Beginning with the line that includes "Some of the words" and ending with the last line, print the records exactly, leaving every picture out.
═════ Information given ═════
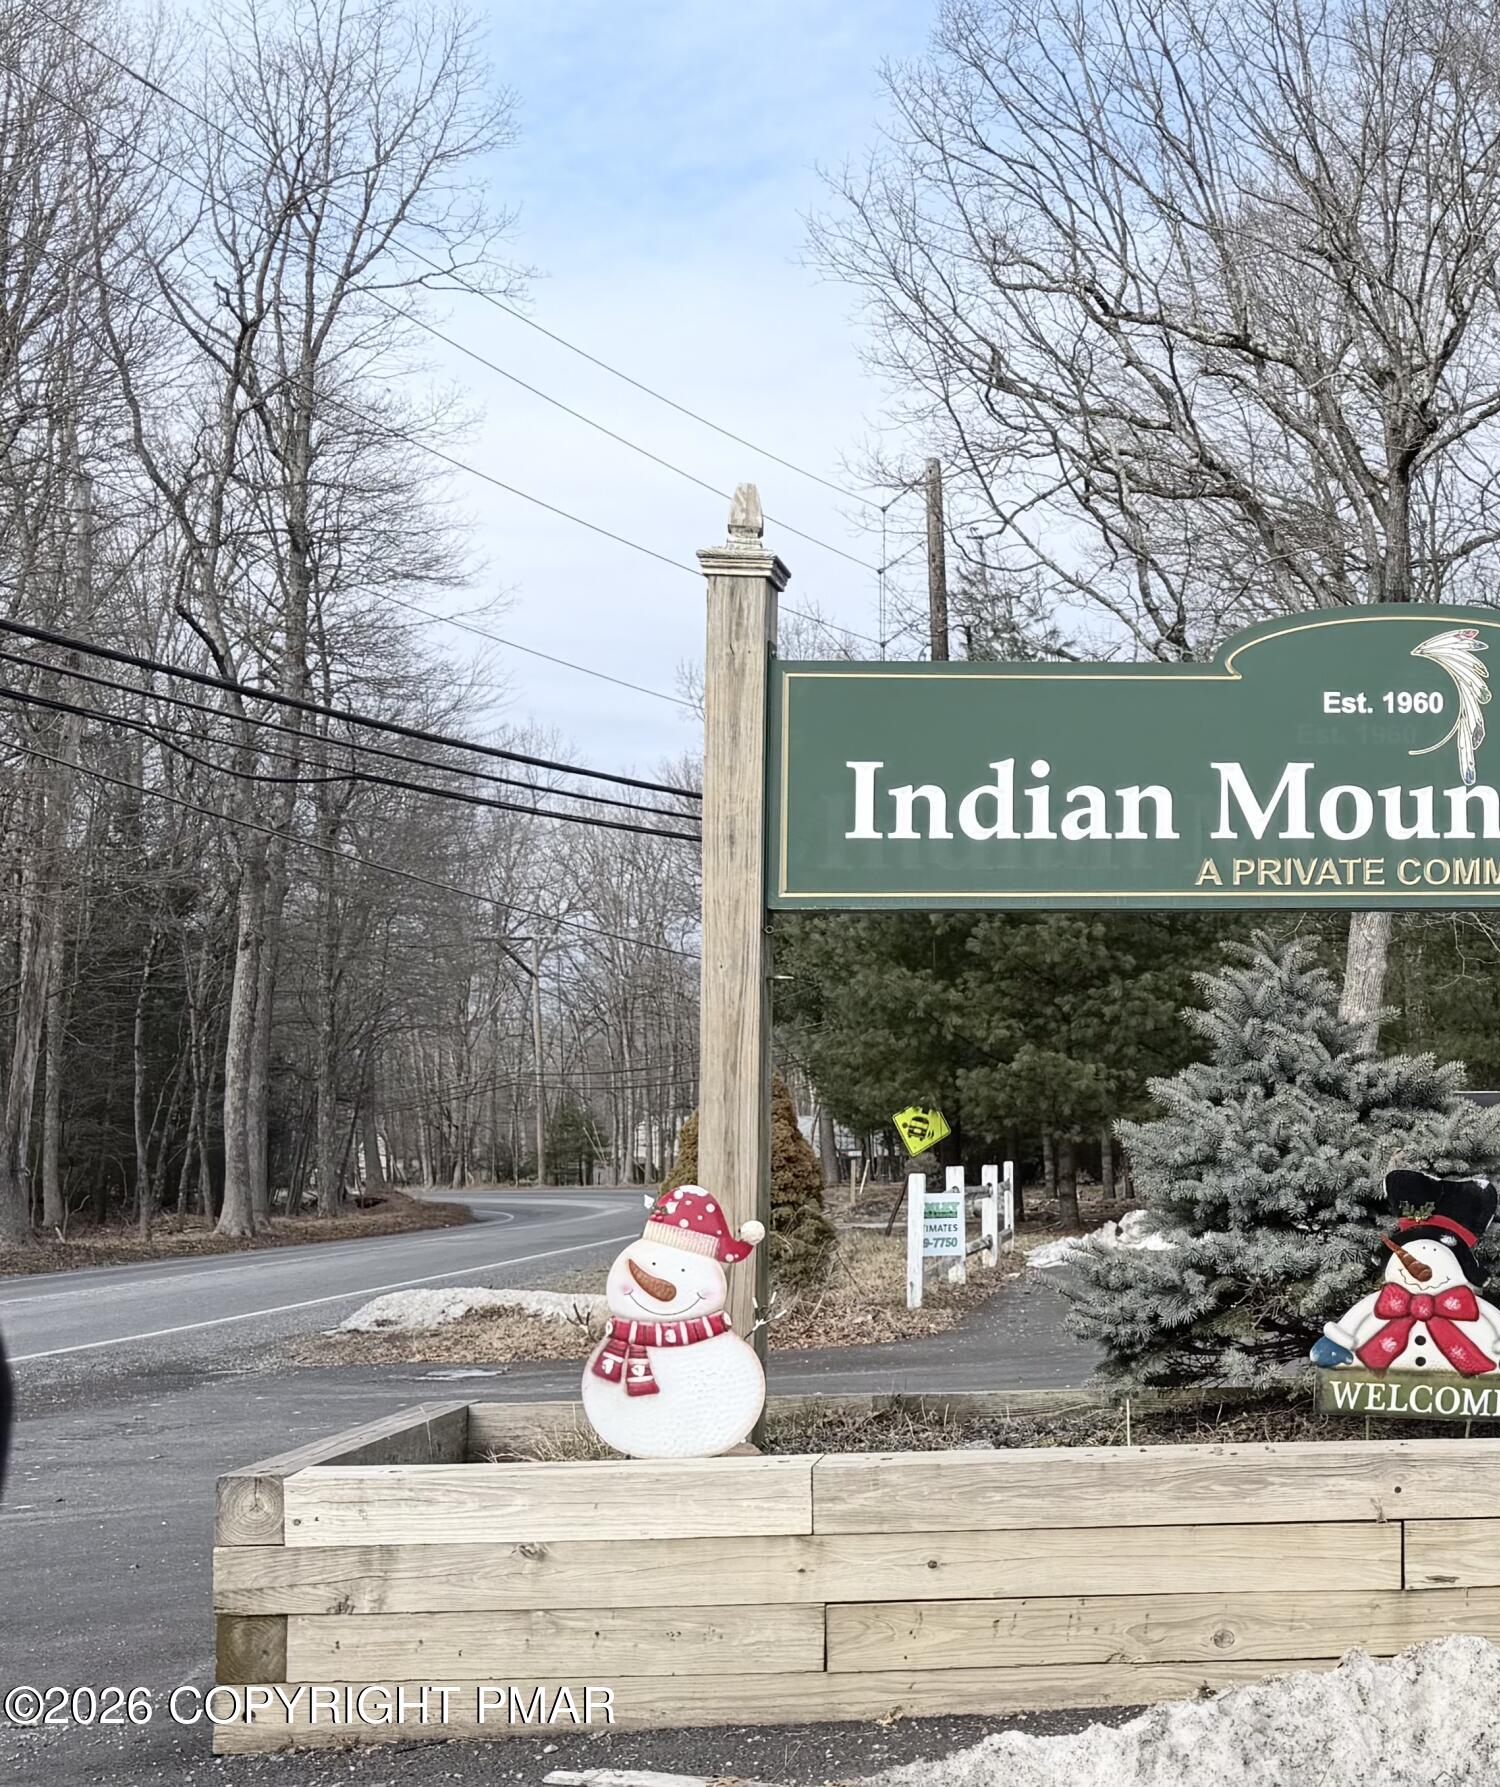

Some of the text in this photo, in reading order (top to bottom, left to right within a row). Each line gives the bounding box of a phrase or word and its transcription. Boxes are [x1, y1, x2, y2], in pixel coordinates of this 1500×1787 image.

[1323, 691, 1444, 714] Est. 1960
[845, 758, 1180, 841] Indian
[1195, 858, 1223, 886] A
[1232, 857, 1386, 886] PRIVATE
[924, 1223, 958, 1232] IMATES
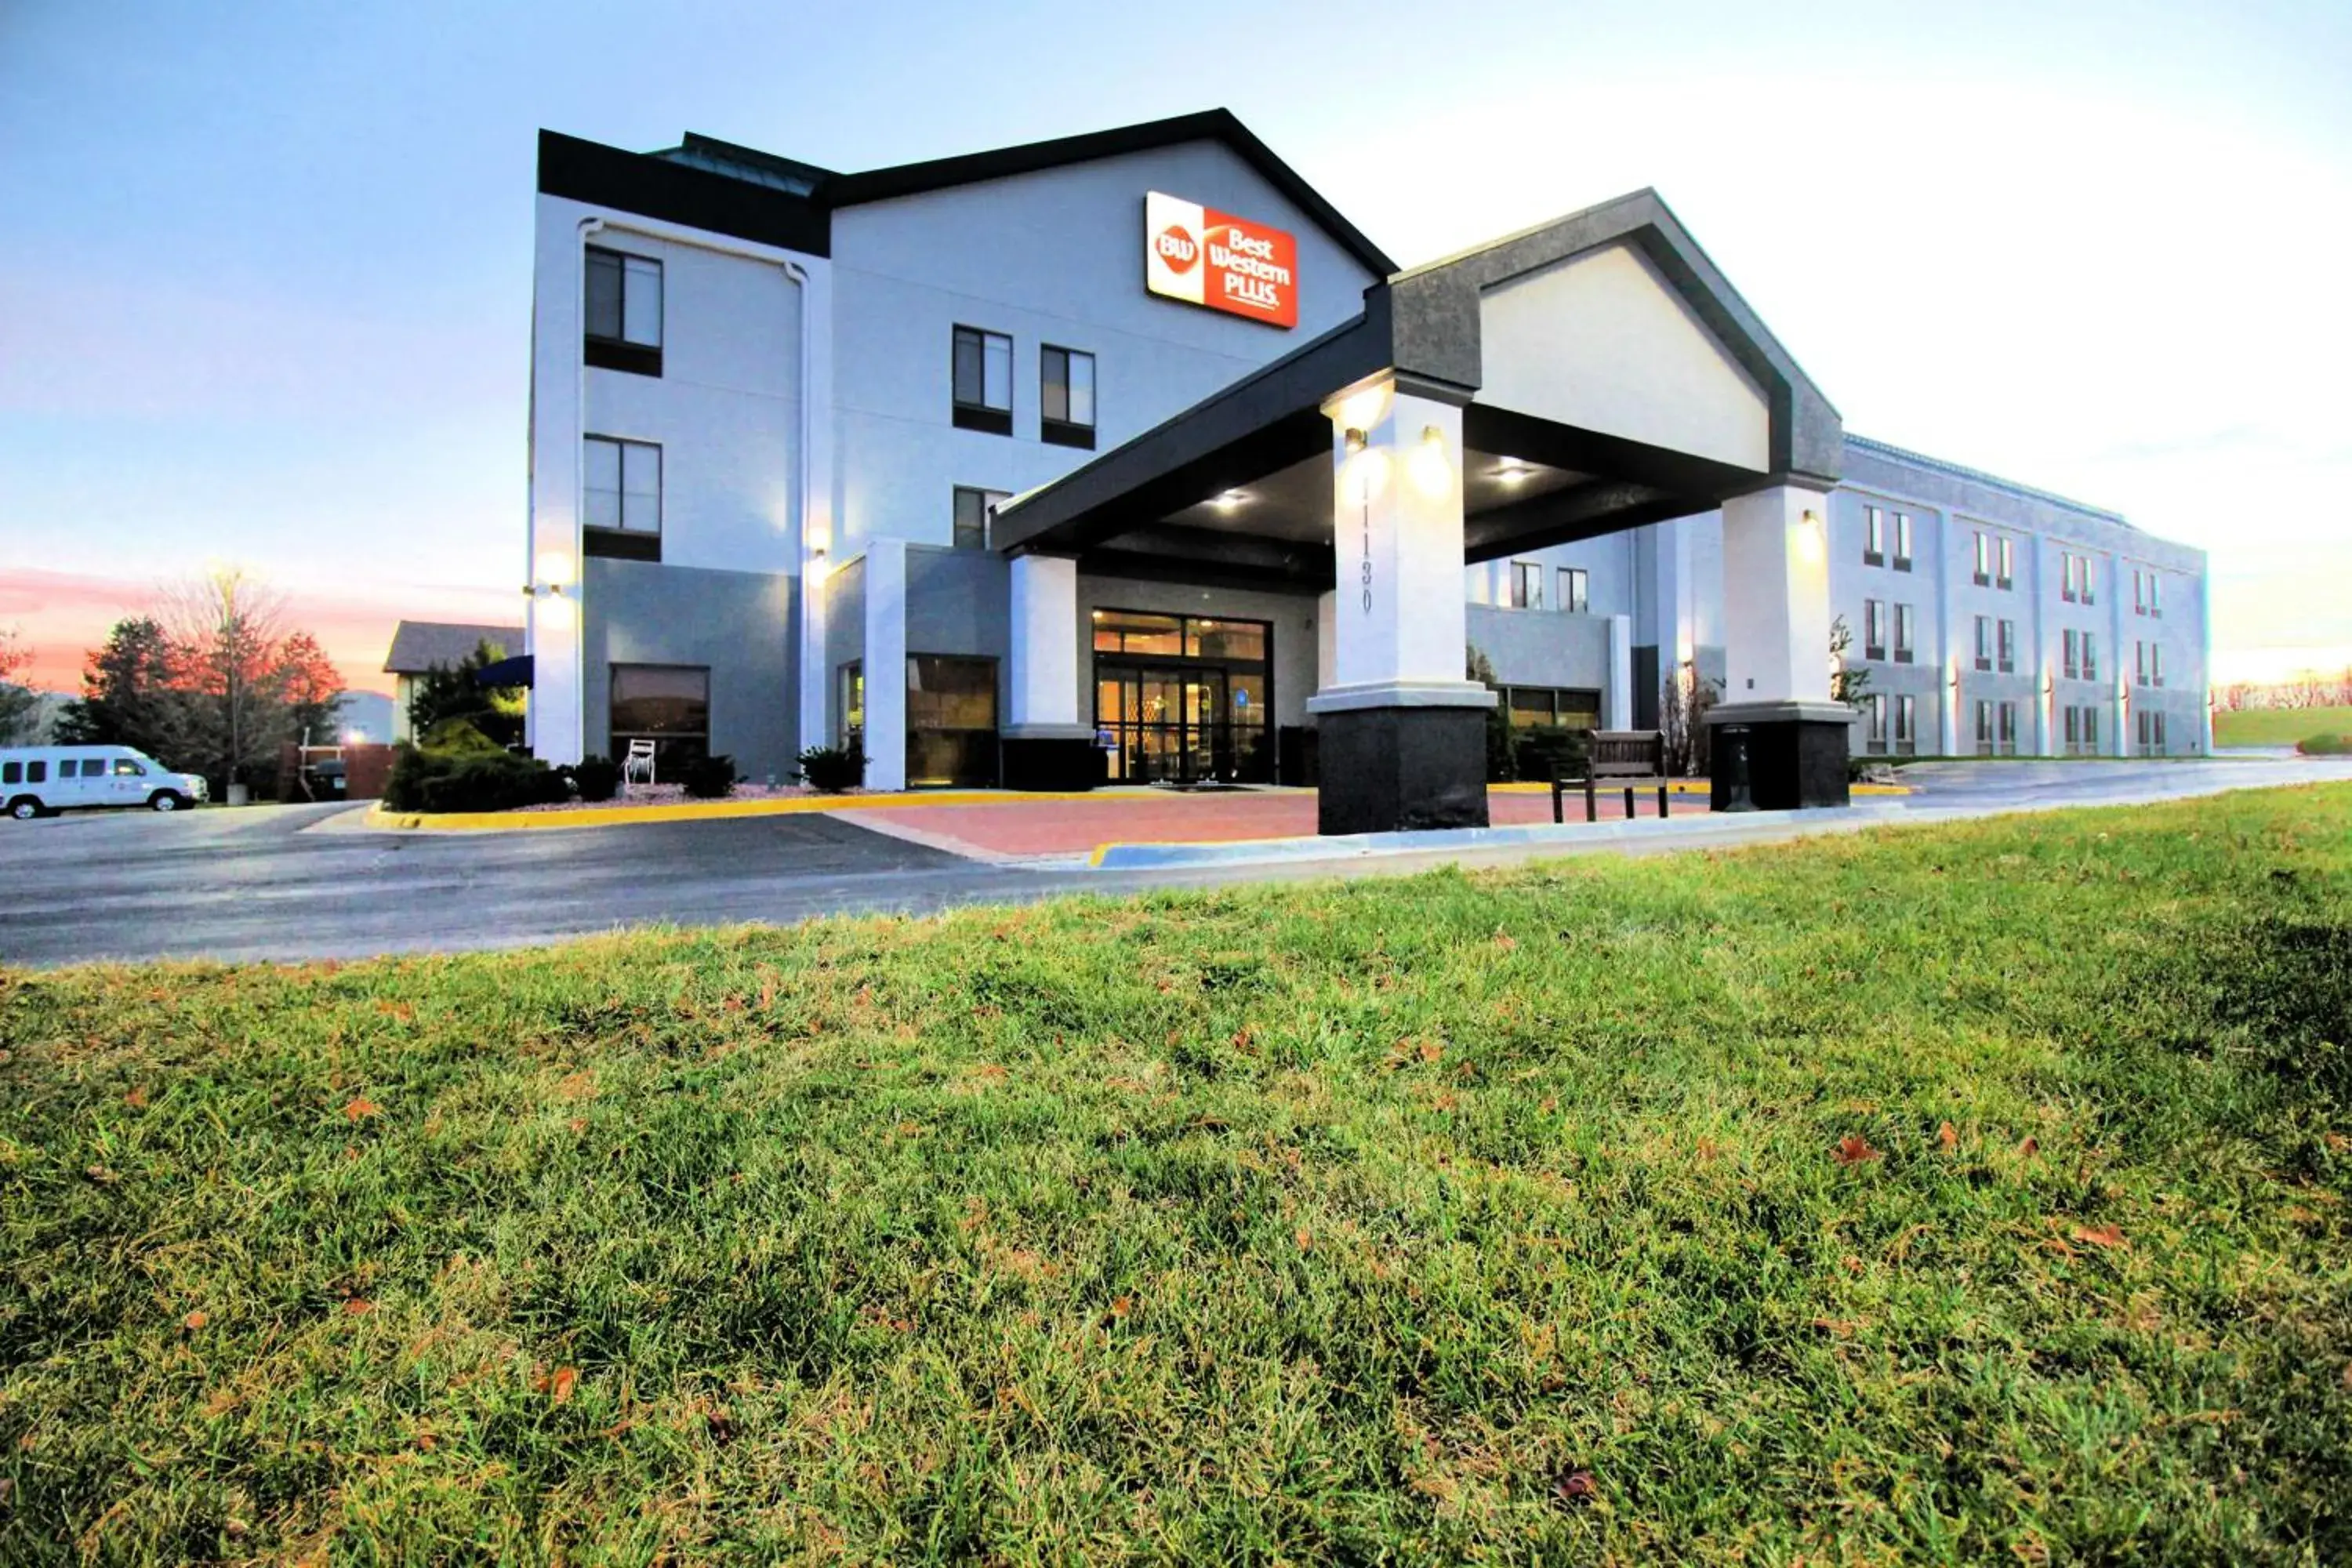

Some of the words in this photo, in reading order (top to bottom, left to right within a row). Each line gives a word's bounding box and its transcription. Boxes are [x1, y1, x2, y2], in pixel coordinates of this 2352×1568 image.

[1160, 234, 1194, 261] BW
[1228, 228, 1273, 260] Best
[1209, 243, 1290, 285] Western
[1224, 271, 1276, 304] PLUS
[1361, 474, 1373, 615] 11130
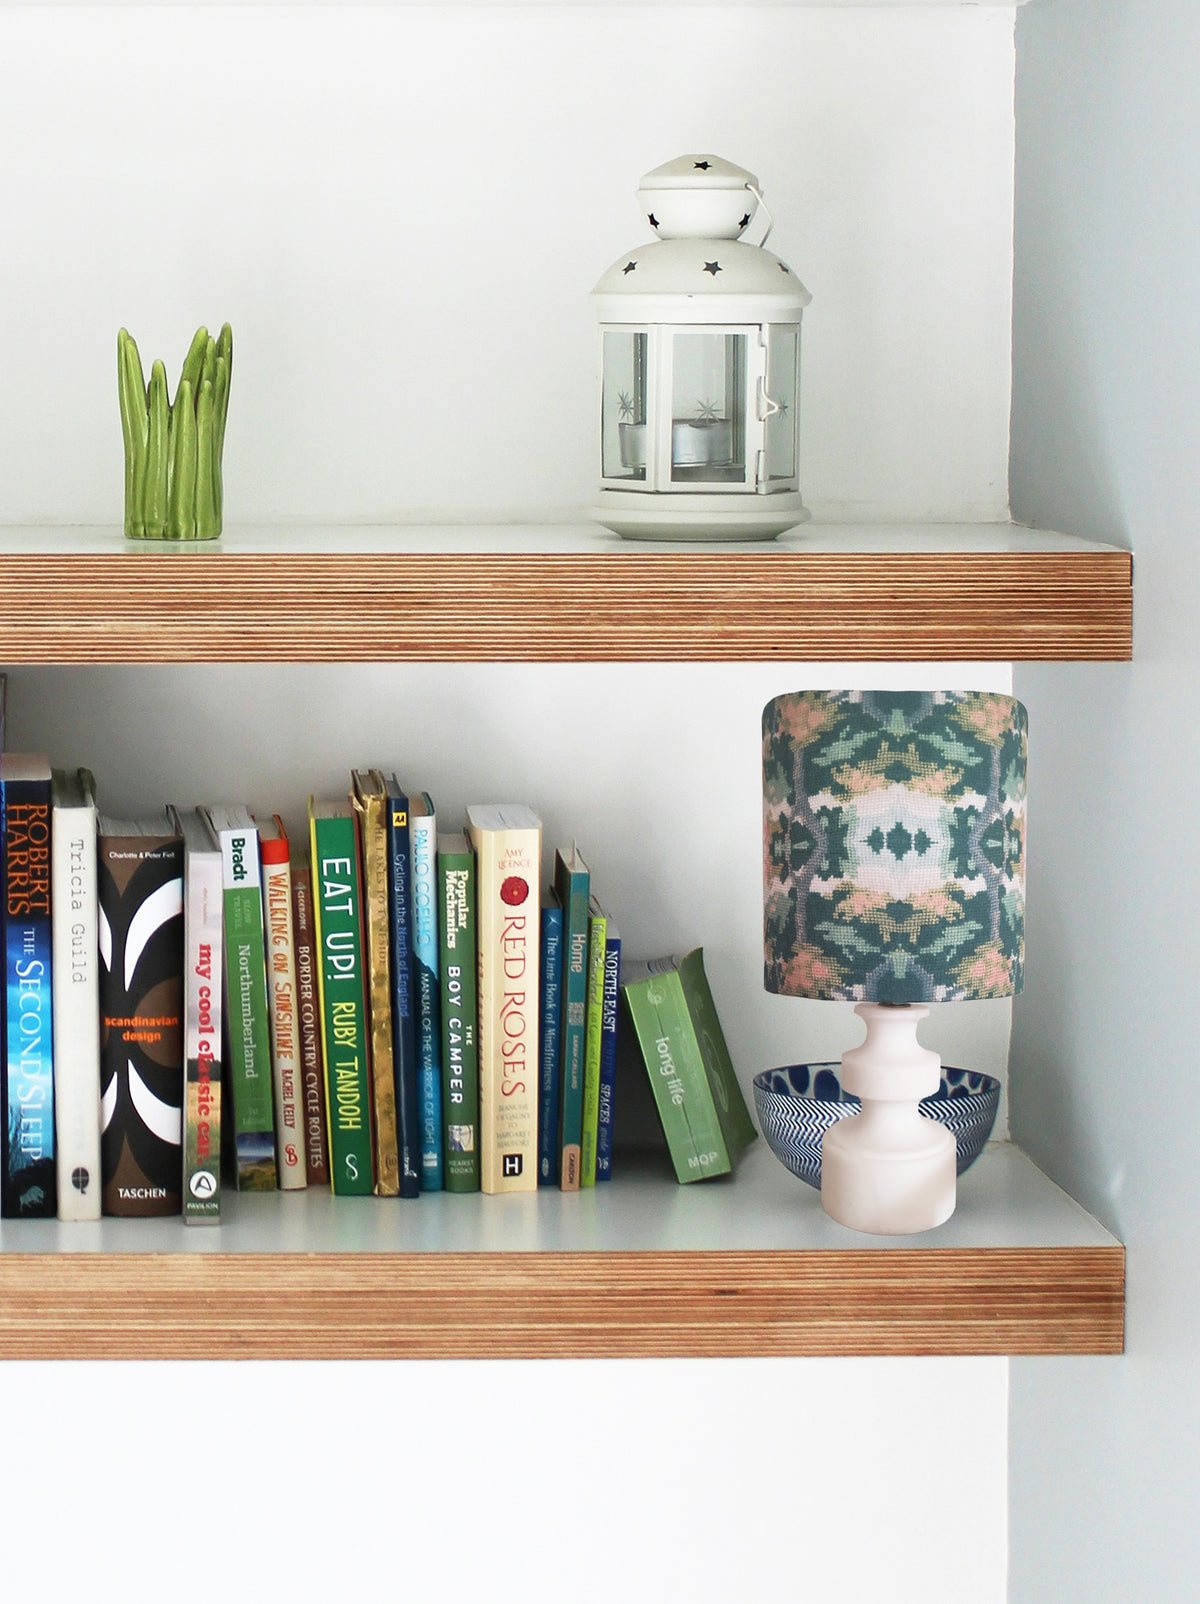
═════
Exercise result —
Some of the words in this photo, in reading order (top to bottom, left to right within a row). Each line gives a word's bounding box and its transcription. Boxes are [x1, y1, x2, y2], in pixel coordinates of this 2352×1568 image.

[1160, 234, 1194, 261] BW
[1228, 228, 1273, 260] Best
[1209, 243, 1290, 285] Western
[1224, 271, 1276, 304] PLUS
[1361, 474, 1373, 615] 11130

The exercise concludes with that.